Conjecture: No integers $a,b,c,d$ satisfy all of the following conditions:

  1. $a^2+b^2-c^2-d^2 = 2(ad-bc)-1$;
  2. $\gcd(ac+bd,a^2+b^2-c^2-d^2) > 1$;
  3. $\gcd(ac+bd+1,ad-bc) > 1$;
  4. $(ac+bd)-(ad-bc) = \gcd(ac+bd,ad-bc)^2 > 1$.

There is also the following weaker version.

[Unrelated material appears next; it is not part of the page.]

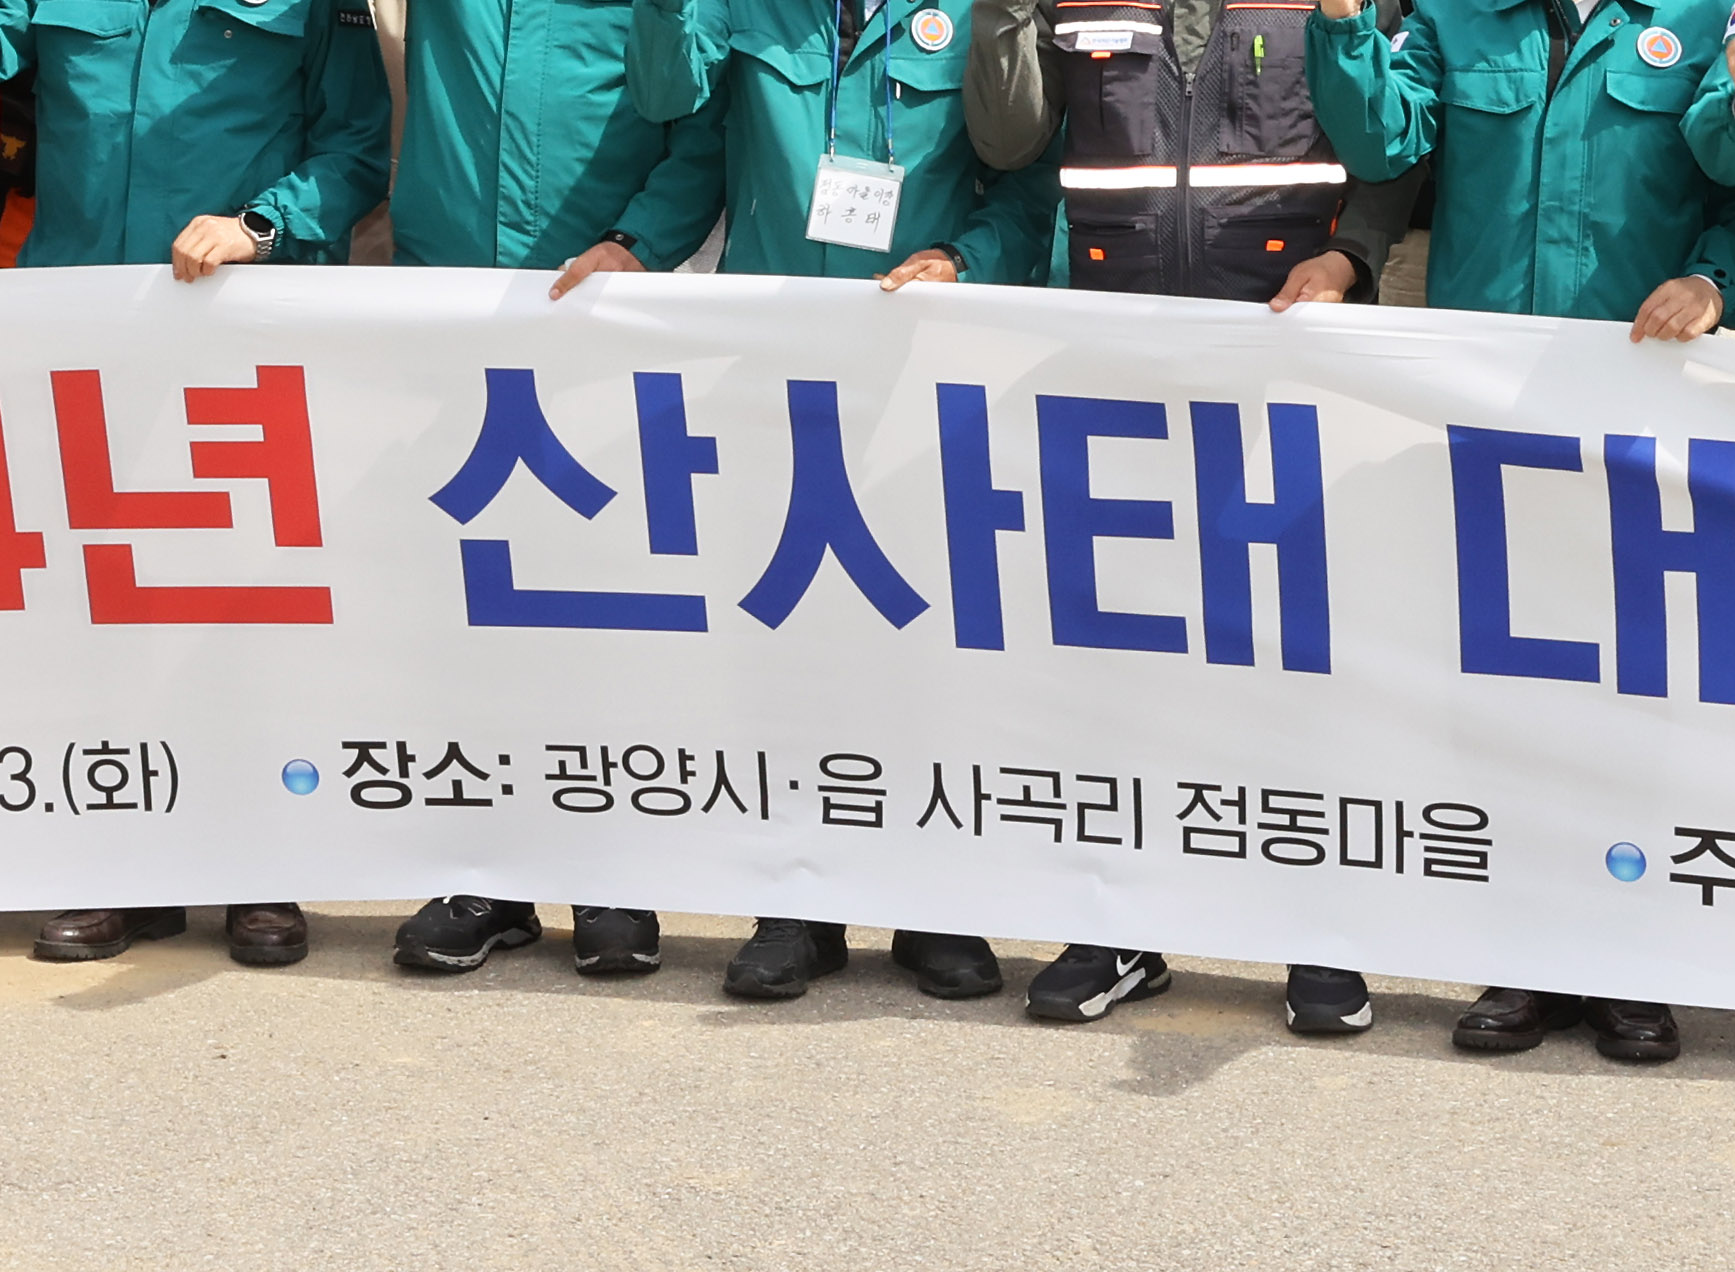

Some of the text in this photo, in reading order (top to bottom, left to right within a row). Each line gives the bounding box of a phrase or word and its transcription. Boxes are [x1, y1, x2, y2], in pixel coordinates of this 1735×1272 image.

[429, 369, 1331, 674] 산사태
[341, 740, 514, 810] 장소:
[916, 762, 1144, 851] 사곡리
[1176, 781, 1494, 883] 점동마을

Conjecture (Weak Version): No integers $a,b,c,d$ satisfy all of the following conditions:

  1. $a^2+b^2-c^2-d^2 = 2(ad-bc)-1$;
  2. $\gcd(ac+bd,a^2+b^2-c^2-d^2) > \sqrt{ac+bd}$;
  3. $\gcd(ac+bd+1,ad-bc) > 1$;
  4. $(ac+bd)-(ad-bc) = \gcd(ac+bd,ad-bc)^2 > ad-bc$.

It seems like either (and especially the Weak Version) should be easy to prove… but I've had no luck. Note that all four restrictions seem necessary, as removing any one allows solutions to be found.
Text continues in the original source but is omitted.